He was taken away in a vehicle that arrived at the scene. Because his
wife was not at
home and his house keys were left at the scene, he
was then dropped off at the neighbour’s place; his wife later
gave him
tablets for his headache; he did not seek medical attention
because it was already late at night; reported at the police station

in the morning after church and informed that the Road Accident
Report forms were not available and returned later to report.
[10]
On behalf of the plaintiff it was submitted that the Court must make
a factual finding premised on the evidence of both plaintiff’s

witnesses, that the defendant was drunk. It was further submitted
that an inference of the defendant’s state of insobriety
should
be made from the fact that he had to be assisted to make a telephone
call; on coupled with his own admission and disappearance
from the
scene and that on the preponderance of probabilities he was drunk.
[11]
It was submitted on behalf of the plaintiff that the Court should
make a factual finding premised on the evidence of the two
witnesses.
It was further submitted that these two witnesses were impartial,
credible and have no interest in the outcome of the
case. It was
further submitted that the Court should have regard to the admission
of the defendant that he was drunk, also smelt
of liquor, his actions
were uncoordinated and was unable to operate his cell phone, and run
away from the scene.
[12]
On the other hand it was submitted on behalf of the defendant that
the plaintiff has not discharged the onus resting on it
to show that
the defendant was drunk. It was further submitted that the two
witnesses contradicted themselves, in particular with
regard to what
they had recorded in their statements to the police and their
testimony in Court. It was further submitted that
it is questionable
that they made statements to the police only in June when the
accident occurred in April.
[13]
It is trite that the plaintiff bears the onus of proving that the
defendant was drunk or drove the vehicle having taken liquor.
In this
regard the plaintiff relies on the evidence of Mr. Mntambo and Ms.

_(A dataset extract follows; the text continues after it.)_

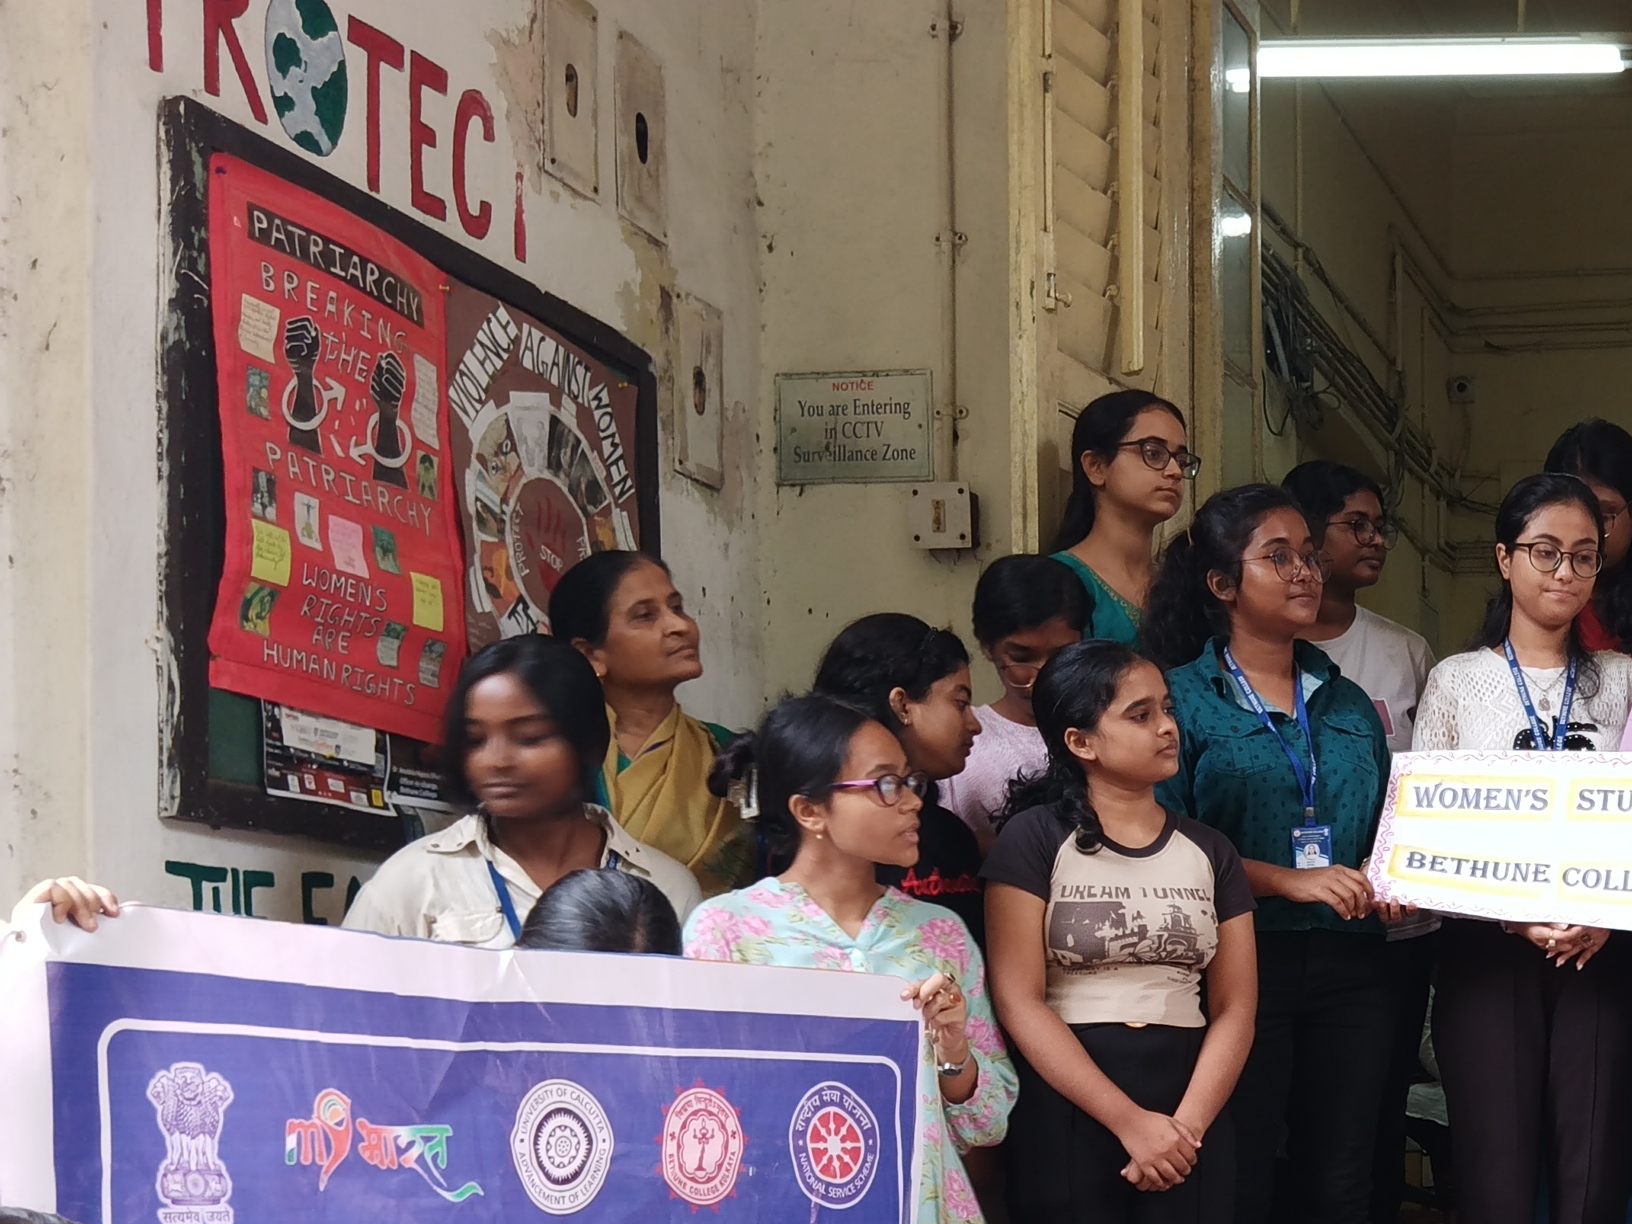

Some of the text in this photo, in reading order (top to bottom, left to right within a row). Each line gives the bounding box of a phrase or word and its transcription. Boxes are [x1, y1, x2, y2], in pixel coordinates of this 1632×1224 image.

Twala. Mr. Mntambo said that the defendant was drunk
because he found
him slumped on his seat; admitted that he was drunk; smelt of brandy;
had red eyes; had overtaken him earlier
at high speed almost causing
a collision.
[14]
Ms. Twala’s evidence is supposed to corroborate Mr. Mntambo
that indeed the defendant was inebriated. The relevant aspects
of her
evidence are that the appellant overtook them at high speed, was
involved in an accident, and was unable to operate his
cell phone.
[15]
In my view, travelling at high speed and getting involved in a
collision is not axiomatic of a state of inebriation. Fatigue
or
momentarily loss of or slight absence of concentration or detraction
may result in an accident, the possibility of which might
be
accentuated by driving at night in a dark and unlit area.
[16]
It was submitted that Mr. Mntambo and Ms. Twala were impartial
witnesses who had nothing to gain in this matter and therefore
their
evidence should be accepted as being reliable. I do not agree. Mr.

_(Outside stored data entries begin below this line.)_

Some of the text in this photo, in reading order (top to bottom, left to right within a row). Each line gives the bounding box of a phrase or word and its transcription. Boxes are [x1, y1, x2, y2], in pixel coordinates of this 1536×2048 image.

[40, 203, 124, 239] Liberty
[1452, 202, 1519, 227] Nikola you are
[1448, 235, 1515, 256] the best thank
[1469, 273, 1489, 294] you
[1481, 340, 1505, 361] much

Mntambo on arriving at the scene, con fronted the appellant
about the
manner he was driving and accused him of almost colliding with him
and or forcing him off the road in an effort to avoid
a collision. In
my view, this confrontation was purposeless, when it was obvious that
defendant was already involved in a collision.
The probabilities are,
in my view that the confrontation was as the result of anger on the
part of Mr. Mntambo. Mr. Mntambo could
therefore certainly not be
regarded as an impartial witness because of his earlier encounter
with the defendant and the fact that
he was probably angry and
therefore biased towards the defendant. His evidence cannot therefore
be accepted without scrutiny.
[17]
It is common cause that there were no lights at the scene of the
accident and therefore it must be accepted, as I do, that
it was
dark. There was no evidence that there was any illumination from the
vehicles directed towards the vehicle of the defendant.
The Court
cannot be expected to venture into speculation. I therefore accept
than none of the vehicles’ lights illuminated
around and or in
particular inside the defendant’s vehicle, otherwise both Mr.

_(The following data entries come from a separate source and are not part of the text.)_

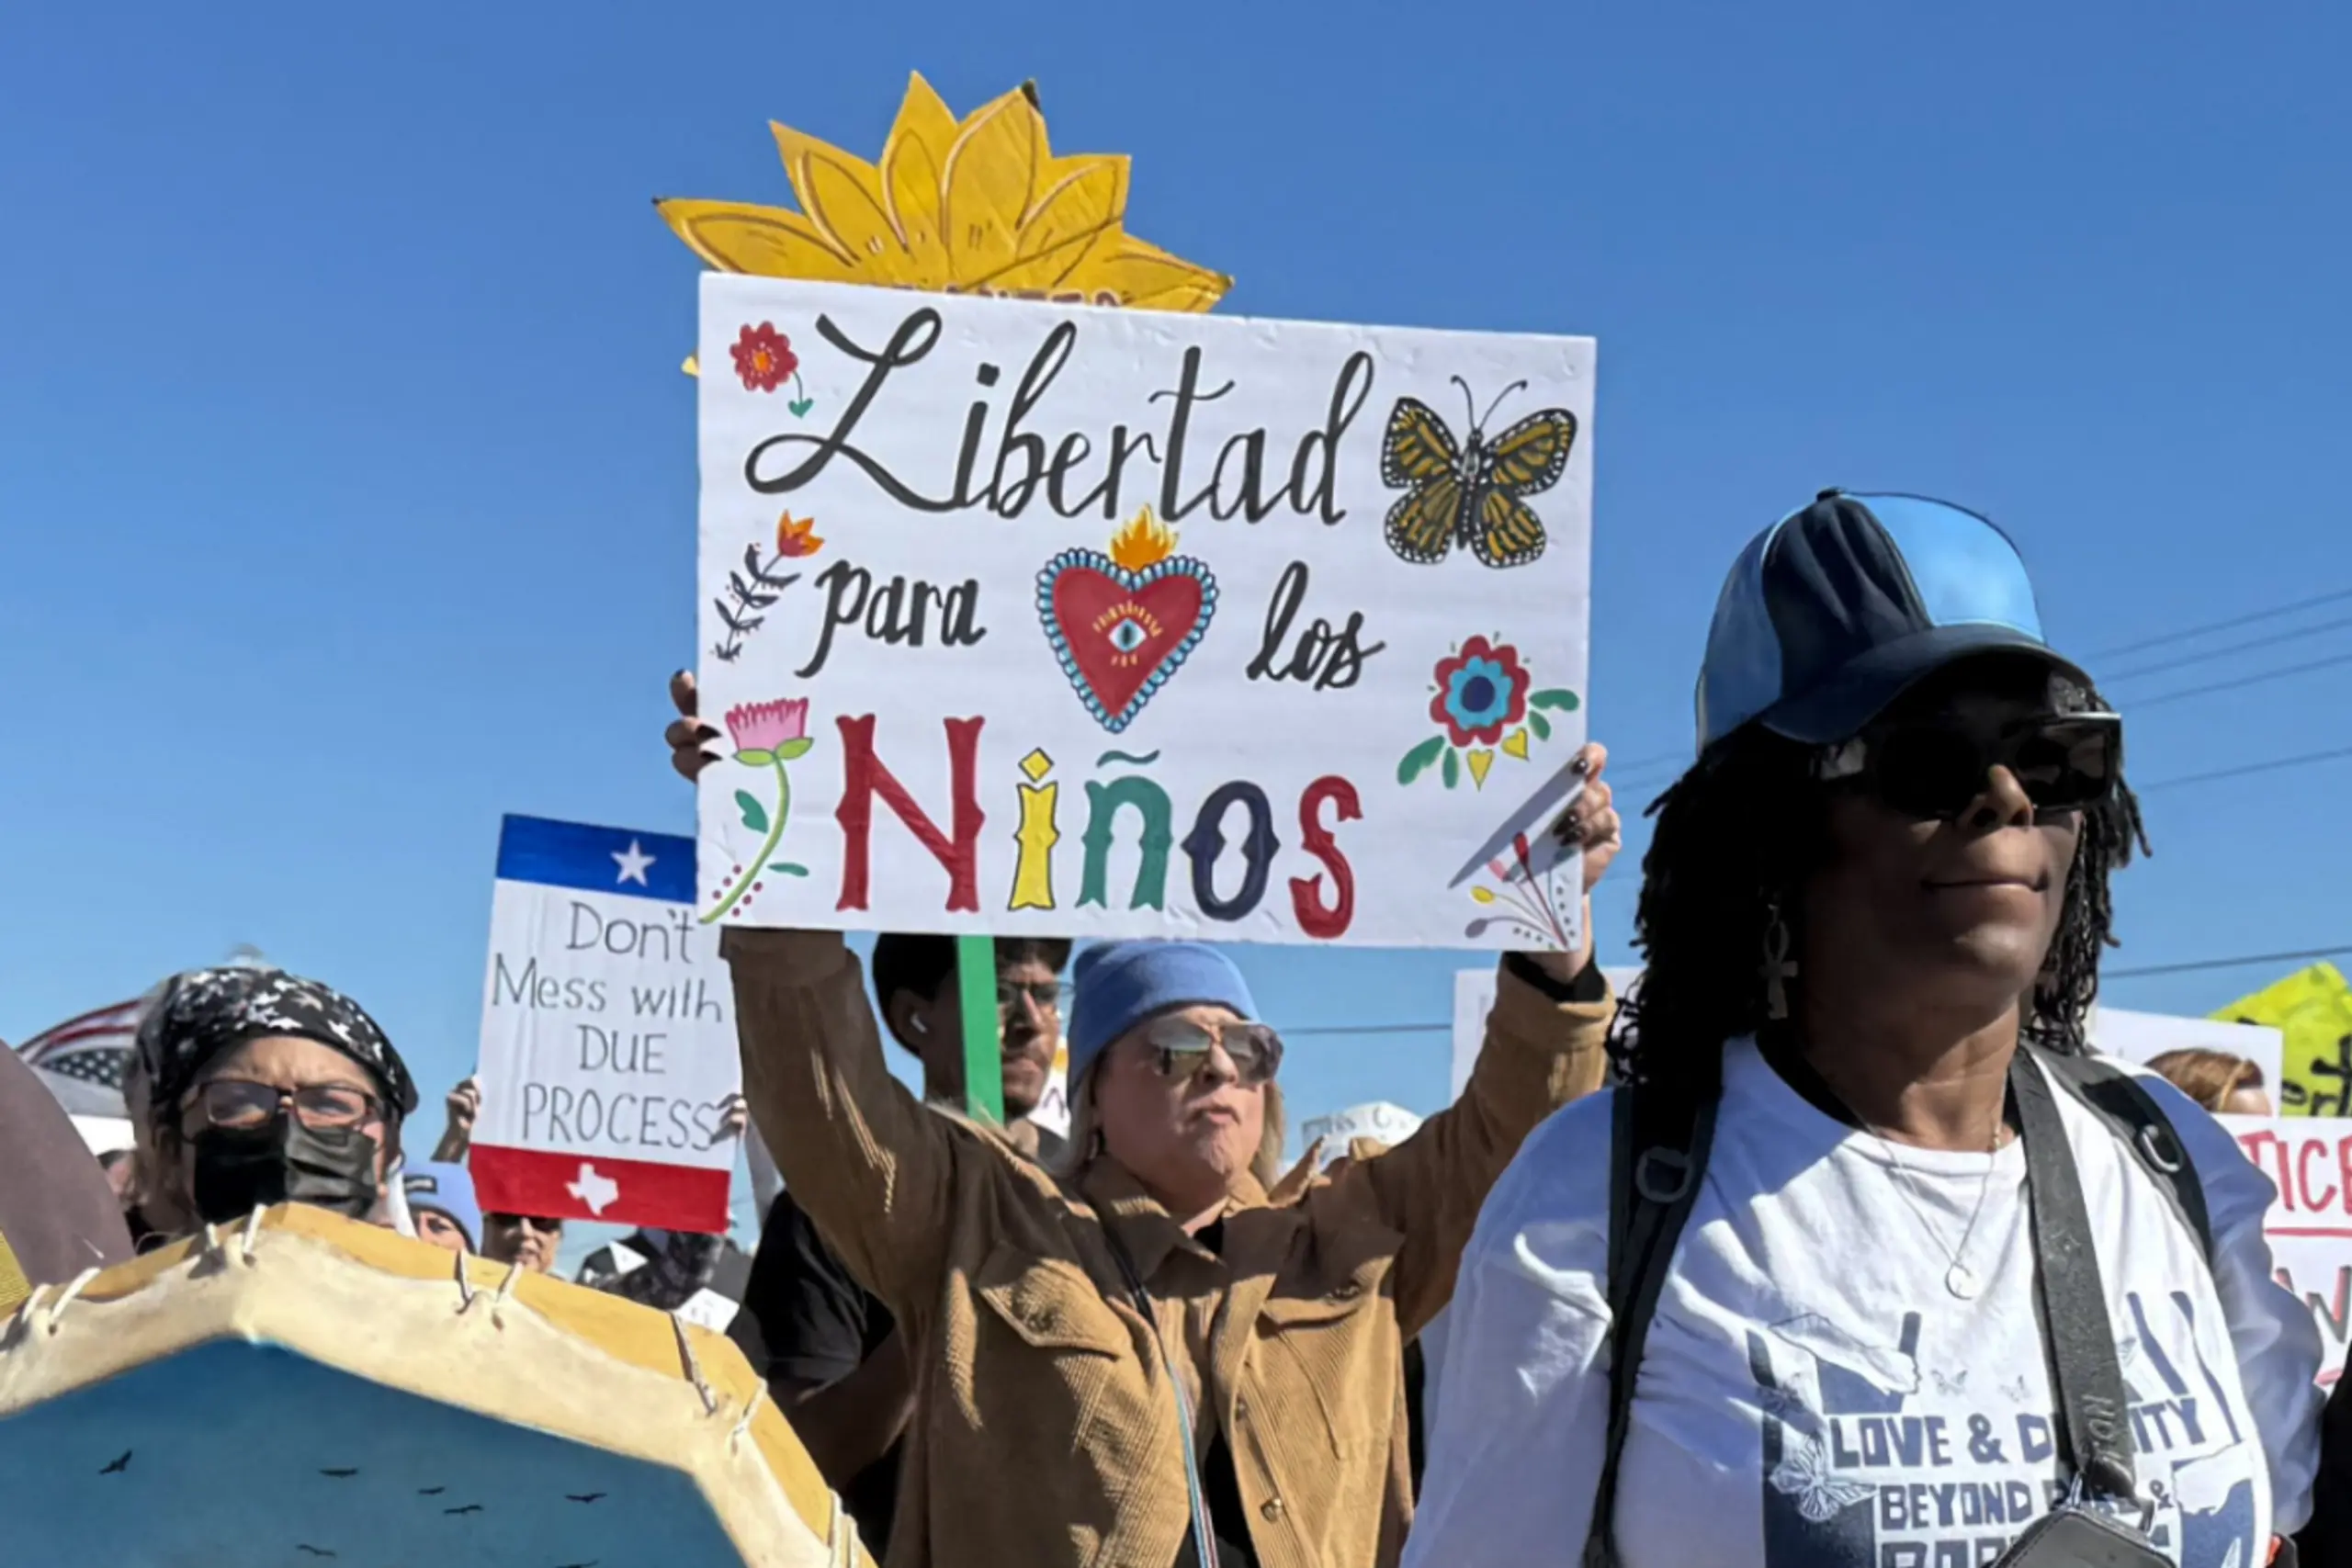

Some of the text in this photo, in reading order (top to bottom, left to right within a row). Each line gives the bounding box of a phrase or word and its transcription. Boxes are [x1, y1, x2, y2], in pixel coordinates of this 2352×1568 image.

[744, 307, 1374, 524] Libertad
[795, 559, 1385, 691] para los
[834, 713, 1363, 940] Niños
[565, 900, 695, 964] Don't
[492, 952, 606, 1012] Mess
[575, 1024, 667, 1074] DUE
[522, 1082, 718, 1153] PROCESS
[1830, 1416, 1952, 1468] LOVE
[1967, 1413, 2009, 1464] &
[2016, 1397, 2206, 1464] DITY
[1879, 1480, 2033, 1530] BEYOND

Mntambo and Ms. Twala would have said so.
Mr. Mntambo said the eyes
of the defendant were glazed and red. Ms Twala also spoke to the
defendant but said nothing of his eyes
being red. In my view it would
have been impossible in that darkness to have seen whether the
defendant’s eyes were glazed,
or red. The difference between
the evidence of Mr. Mntambo and Ms. Twala in respect of the colour of
the eyes of the defendant
is, in my view, material and brings the
impartiality and credibility of Mr. Mntambo in doubt. Assuming for a
moment that it was
possible to see a person’s eyes in that
darkness, the fact that Ms Twala said nothing of the defendant’s
eyes being
red, it follows that, on her version the eyes were not
red. On the other hand, Ms. Twala does not seem to have embellished
her
evidence and I therefore accept her evidence and conclude on her
version that the defendant’s eyes were not red.
[18]
Mr. Mntambo has further stated that the defendant smelt of brandy. Ms
Twala who spoke to the defendant said nothing of smelling
liquor from
the defendant, let alone brandy. She must have been very close to the
defendant when she spoke to him and asked him
to give her telephone
numbers to phone on his behalf. If indeed the defendant was reeking
of brandy, surely Ms Twala would also
have smelt liquor, let alone
brandy, permeating from the defendant. On deductive reasoning, I
conclude that on Ms Twala’s
evidence, the defendant was not
reeking of any liquor smell. There is therefore once more a further
material difference between
the evidence of Ms. Twala and Mr.
Mntambo.
[19]
It was submitted on behalf of the plaintiff that it does not require
any scientific expertise to form a conclusion that the
defendant was
drunk. I disagree with this submission. Mr. Mntambo should at least
have informed the Court what his authority is
which qualified him to
conclude that whatever smell that permeated from the defendant, if
any, was that of brandy. Regard being
had to the fact that Mr.
Mntambo’s say-so statement of the smell of brandy finds no
corroboration from the evidence of Ms.
Twala, it would be dangerous
to accept his evidence on this aspect and reject that of Ms. Twala.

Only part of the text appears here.